## Work task
Word for word, repeat the data; no picture should appear in the result.
Dataset records section start
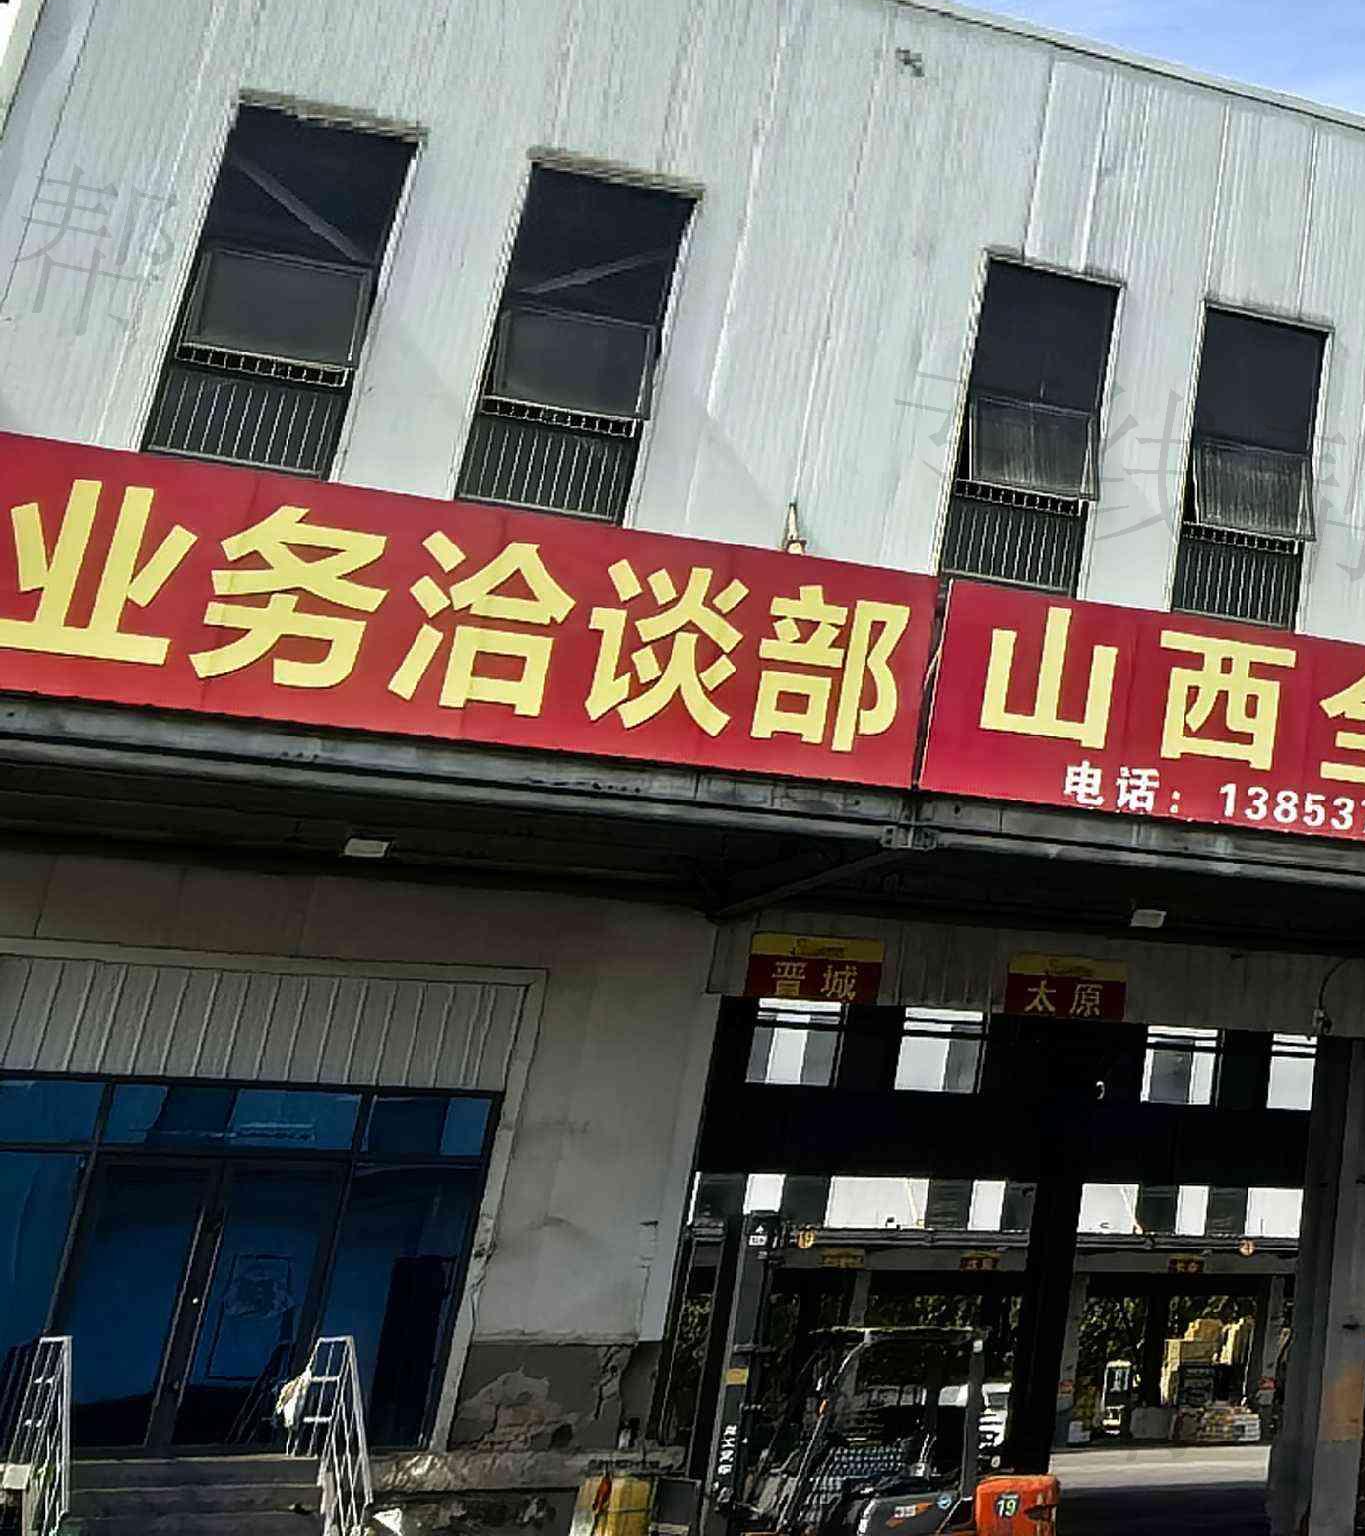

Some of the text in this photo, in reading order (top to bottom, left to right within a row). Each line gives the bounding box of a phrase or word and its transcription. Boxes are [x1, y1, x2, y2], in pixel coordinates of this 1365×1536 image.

[0, 479, 912, 753] 业务洽谈部
[771, 961, 858, 1000] 晋城
[1024, 979, 1103, 1017] 太原
[997, 1499, 1016, 1517] 19
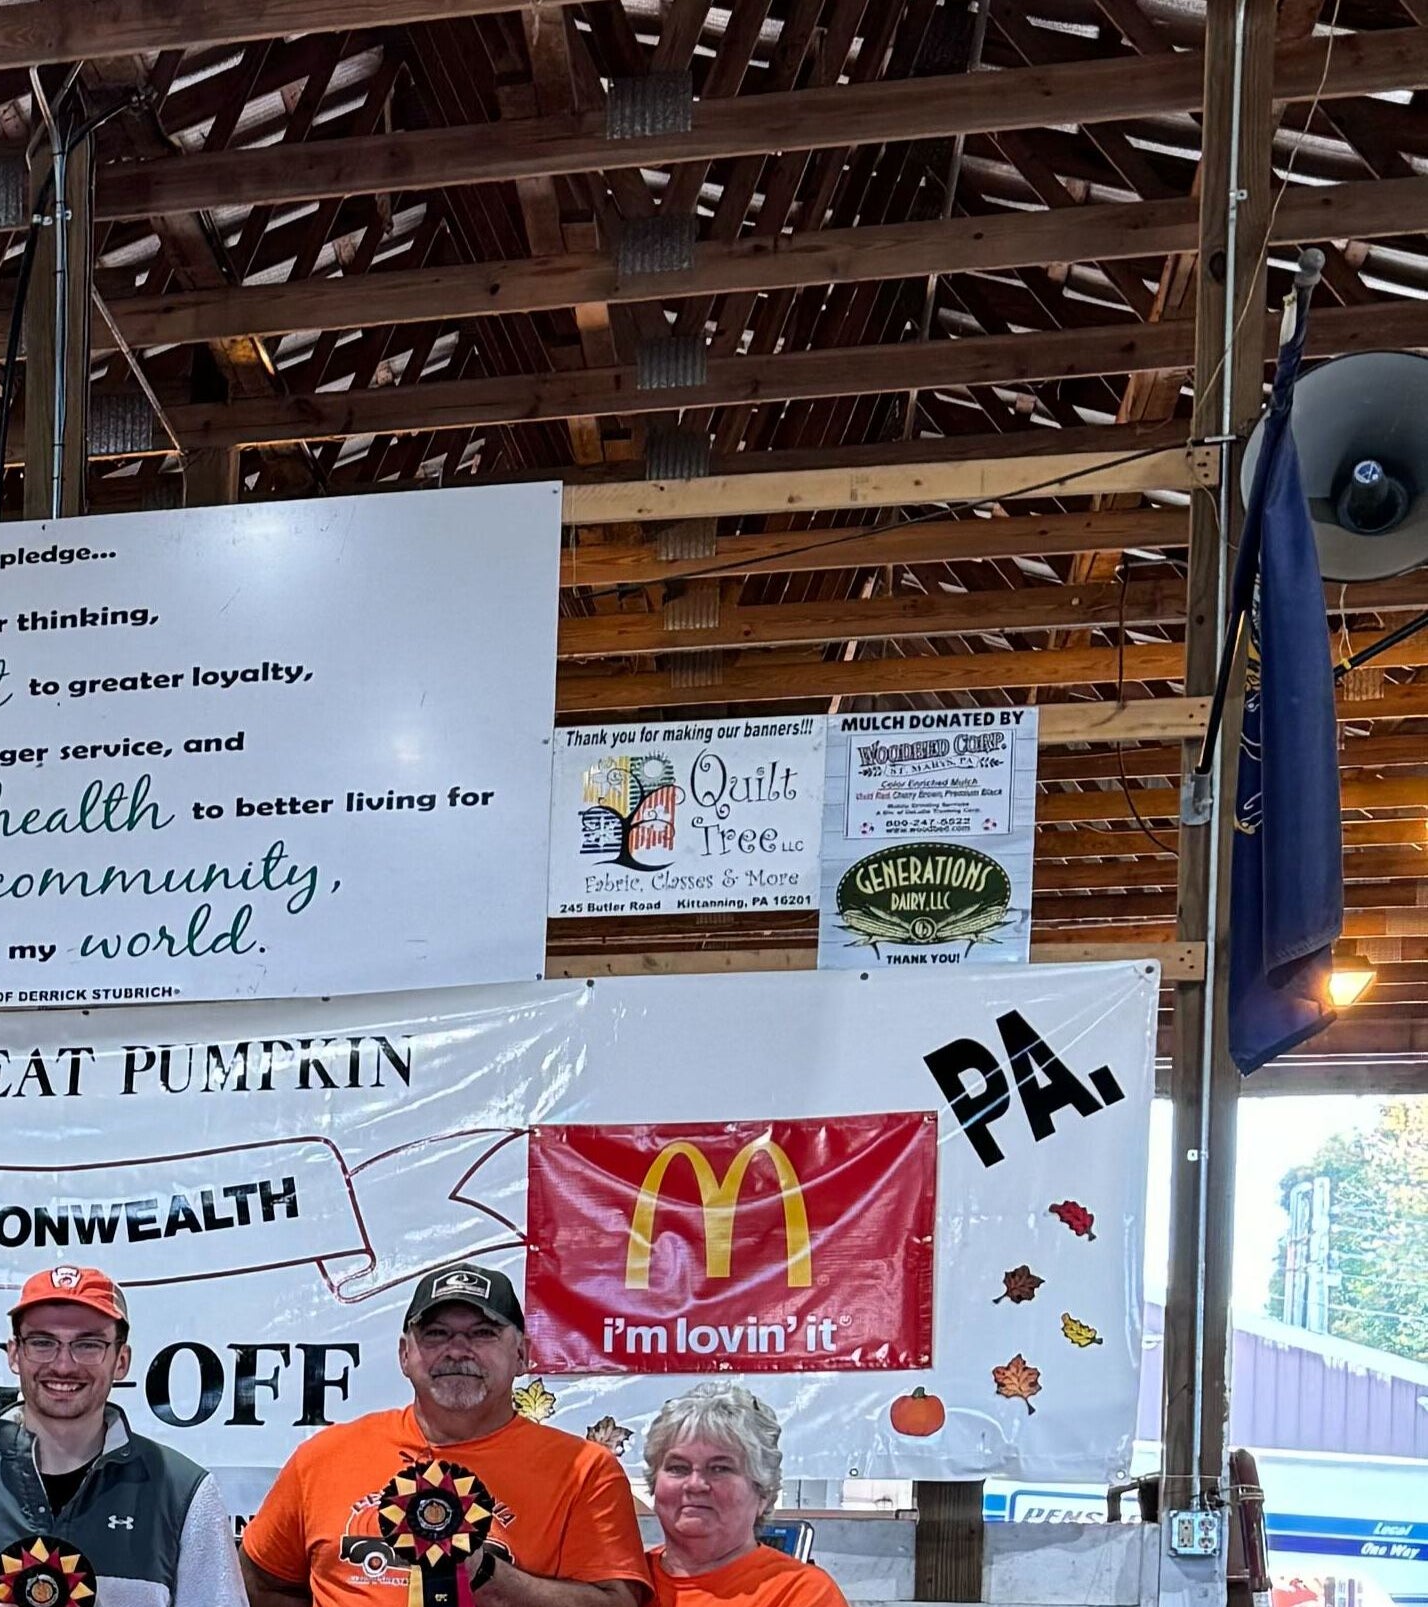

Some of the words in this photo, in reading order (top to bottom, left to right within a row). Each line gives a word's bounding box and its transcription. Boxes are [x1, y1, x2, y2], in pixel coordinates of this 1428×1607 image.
Dataset records section end
## Written solution
Some of the text in this photo, in reading order (top to bottom, left to right within a row). Each line gives the bounding box of a phrase or word and its transcription. Boxes are [x1, y1, x2, y2], in pixel coordinates of this 1365×1536 image.

[0, 479, 912, 753] 业务洽谈部
[771, 961, 858, 1000] 晋城
[1024, 979, 1103, 1017] 太原
[997, 1499, 1016, 1517] 19

Some of the words in this photo, in reading order (top to bottom, left to right within a row). Each line gives a word's bounding box and its transcription. Boxes are [x1, y1, x2, y2], in pixel coordinates of this 1428×1607 image.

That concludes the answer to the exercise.